The agent loop is NOT autonomous by default. It runs one "turn" per user message:

User sends a message (e.g., "Move forward until you detect an obstacle")
The model observes sensor state + images
The model calls tool(s) (e.g., move_forward)
The board executes, sensor state updates
The model observes the new state
If the model calls more tools, loop back to step 4
When the model responds with text only (no tool calls), the turn is done
The user can send another message for the next turn

The model may iterate multiple times within a single turn — calling tools, observing results, calling more tools. This is the "agentic" part. But a new user message is required to start a new turn. The model does not autonomously decide to keep acting after finishing a turn.

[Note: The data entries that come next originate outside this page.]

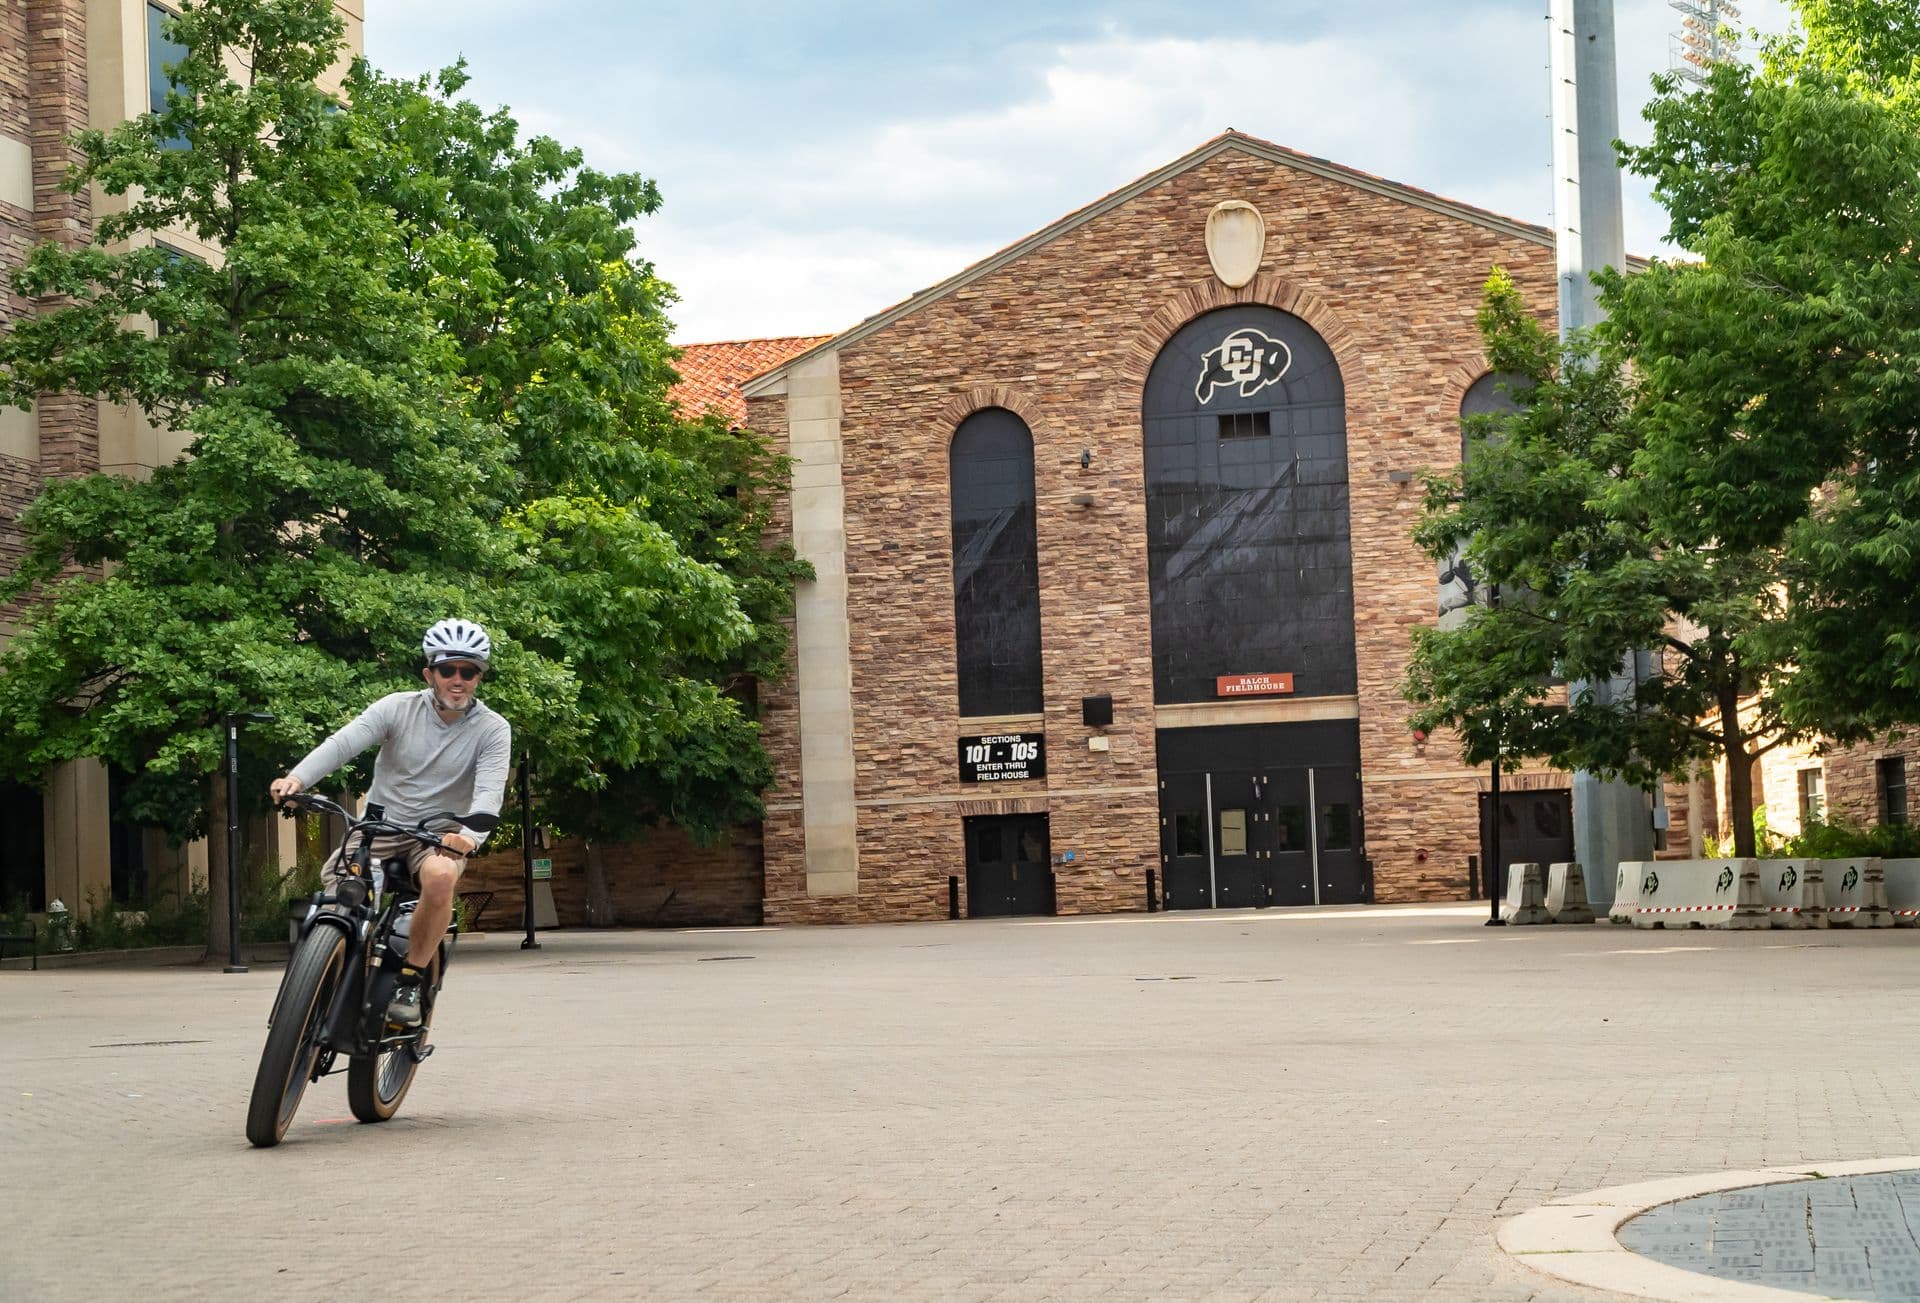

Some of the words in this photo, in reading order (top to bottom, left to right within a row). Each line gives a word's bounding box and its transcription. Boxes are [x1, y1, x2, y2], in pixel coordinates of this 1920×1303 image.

[1221, 338, 1263, 381] CU
[1240, 677, 1269, 685] BALCH
[1226, 683, 1284, 692] FIELDHOUSE
[981, 735, 1021, 744] SECTIONS
[966, 745, 991, 763] 101
[1011, 742, 1038, 760] 105
[977, 763, 1003, 771] ENTER
[1001, 771, 1029, 779] HOUSE

Step 5: Tauri Commands for Runtime

#[tauri::command]
pub async fn runtime_send_message(
    state: tauri::State<'_, AppState>,
    message: String,
    on_event: Channel<AgentEvent>,
) -> Result<(), String> {
    // Get the agent loop from state
    // Run a turn with the user's message
    // Stream AgentEvents to the frontend via Channel
}

#[tauri::command]
pub async fn runtime_kill(
    state: tauri::State<'_, AppState>,
) -> Result<(), String> {
    // Kill the agent loop
    // Send CMD:stop to the board
    // Close serial connection
    // Close the runtime window
}

Step 6: Runtime Chat UI

The left side of the runtime window is a chat interface similar to the code chat (Phase 4) but with additional elements:

Message types

User messages: Glass Strong with purple tint, right-aligned
Model responses: Glass Standard, left-aligned. The model explains what it observes and why it's acting.
Tool call pills: Inline capsule-shaped indicators showing each tool call:

┌───────────────────────────────────────┐
│  I can see clear space ahead. Moving  │
│  forward at 60% speed.                │
│                                       │
│  ┌─ ◉ move_forward speed=60 ──────┐  │
│  └─────────────────────────────────┘  │
│                                       │
│  Obstacle detected at 12cm. Stopping. │
│                                       │
│  ┌─ ◉ stop ───────────────────────┐  │
│  └─────────────────────────────────┘  │
│                                       │
│  I've stopped. The front distance     │
│  sensor reads 12cm. Should I turn     │
│  and find an alternate path?          │
└───────────────────────────────────────┘

Tool call pill styling:

Cyan-tinted glass for serial write commands
Green border + checkmark for successful execution
Red border + X for failed execution
Shows: tool name + key parameters
Brief pulse animation on creation (1s ease-out)

Input capsule

Same design as the code chat input but with the Kill button adjacent:

Input capsule: Glass Standard, placeholder "Tell the robot what to do..."
Kill button: large, red-tinted glass, always visible, always enabled. Text: "KILL" or a stop icon.
Keyboard shortcut: Escape triggers kill

While the agent loop is running (executing a turn), the input is disabled and shows a pulsing cyan border.

Loading/running state

While the model is thinking:

A small pulsing dot appears in the chat area
The input capsule border pulses in cyan
The Kill button remains active

Step 7: Kill Button Implementation

The Kill button is the most important safety control. It must be always reachable, always functional, and always fast.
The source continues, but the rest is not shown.